Exercise aim: Your reply should be a faithful copy of the records below, free of pictures.

Records:
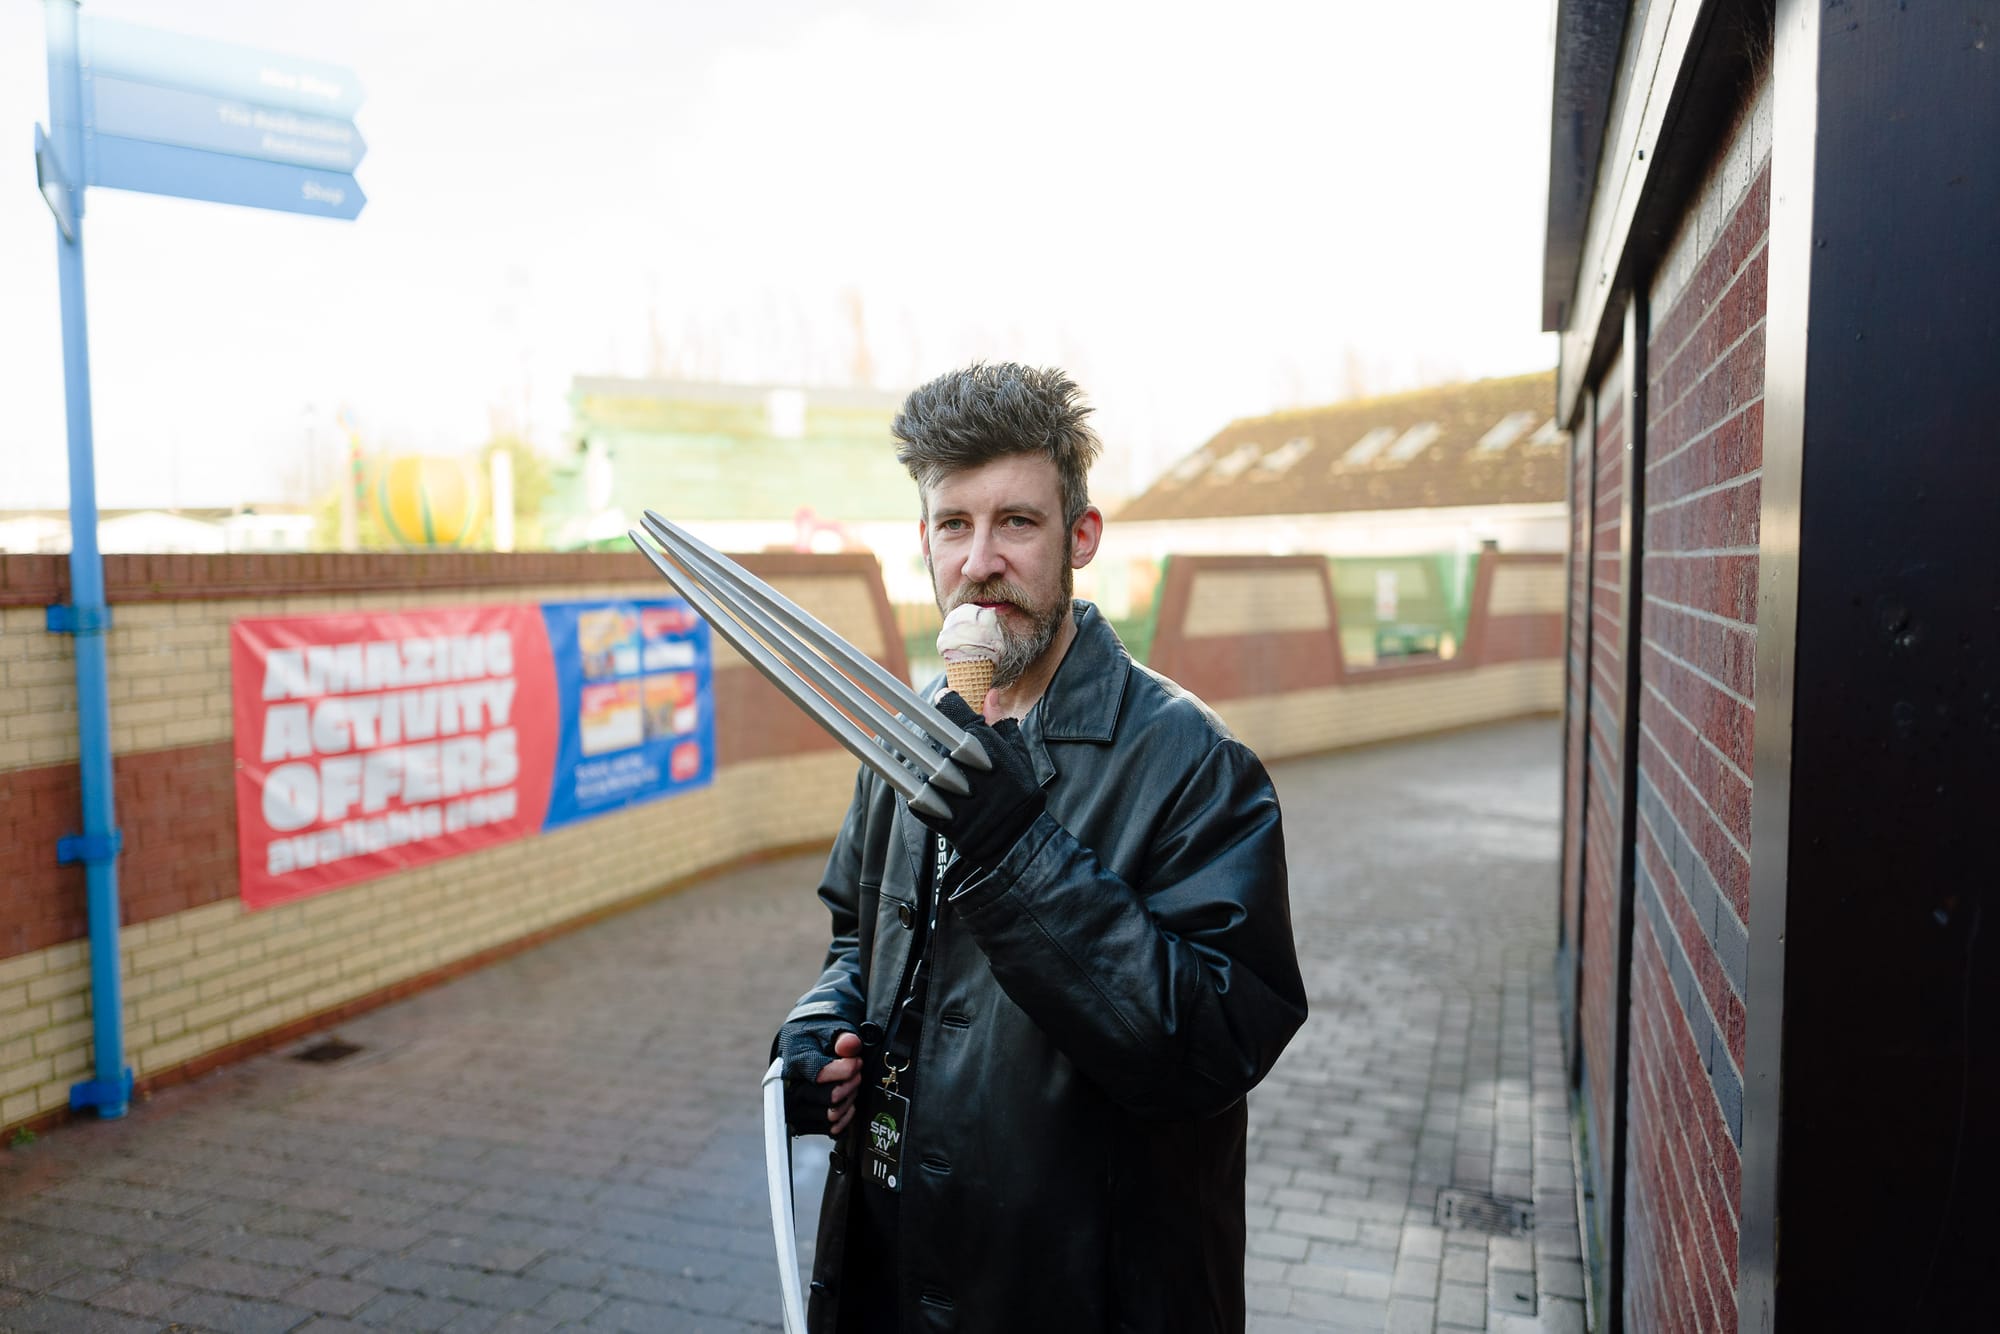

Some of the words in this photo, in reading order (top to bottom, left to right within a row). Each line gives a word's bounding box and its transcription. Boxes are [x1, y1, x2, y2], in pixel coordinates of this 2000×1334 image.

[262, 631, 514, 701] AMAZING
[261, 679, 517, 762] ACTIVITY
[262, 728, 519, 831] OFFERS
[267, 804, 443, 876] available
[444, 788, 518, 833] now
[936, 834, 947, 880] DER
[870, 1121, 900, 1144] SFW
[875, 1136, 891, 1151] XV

Answer box:
Some of the words in this photo, in reading order (top to bottom, left to right within a row). Each line gives a word's bounding box and its transcription. Boxes are [x1, y1, x2, y2], in pixel coordinates of this 2000×1334 image.

[262, 631, 514, 701] AMAZING
[261, 679, 517, 762] ACTIVITY
[262, 728, 519, 831] OFFERS
[267, 804, 443, 876] available
[444, 788, 518, 833] now
[936, 834, 947, 880] DER
[870, 1121, 900, 1144] SFW
[875, 1136, 891, 1151] XV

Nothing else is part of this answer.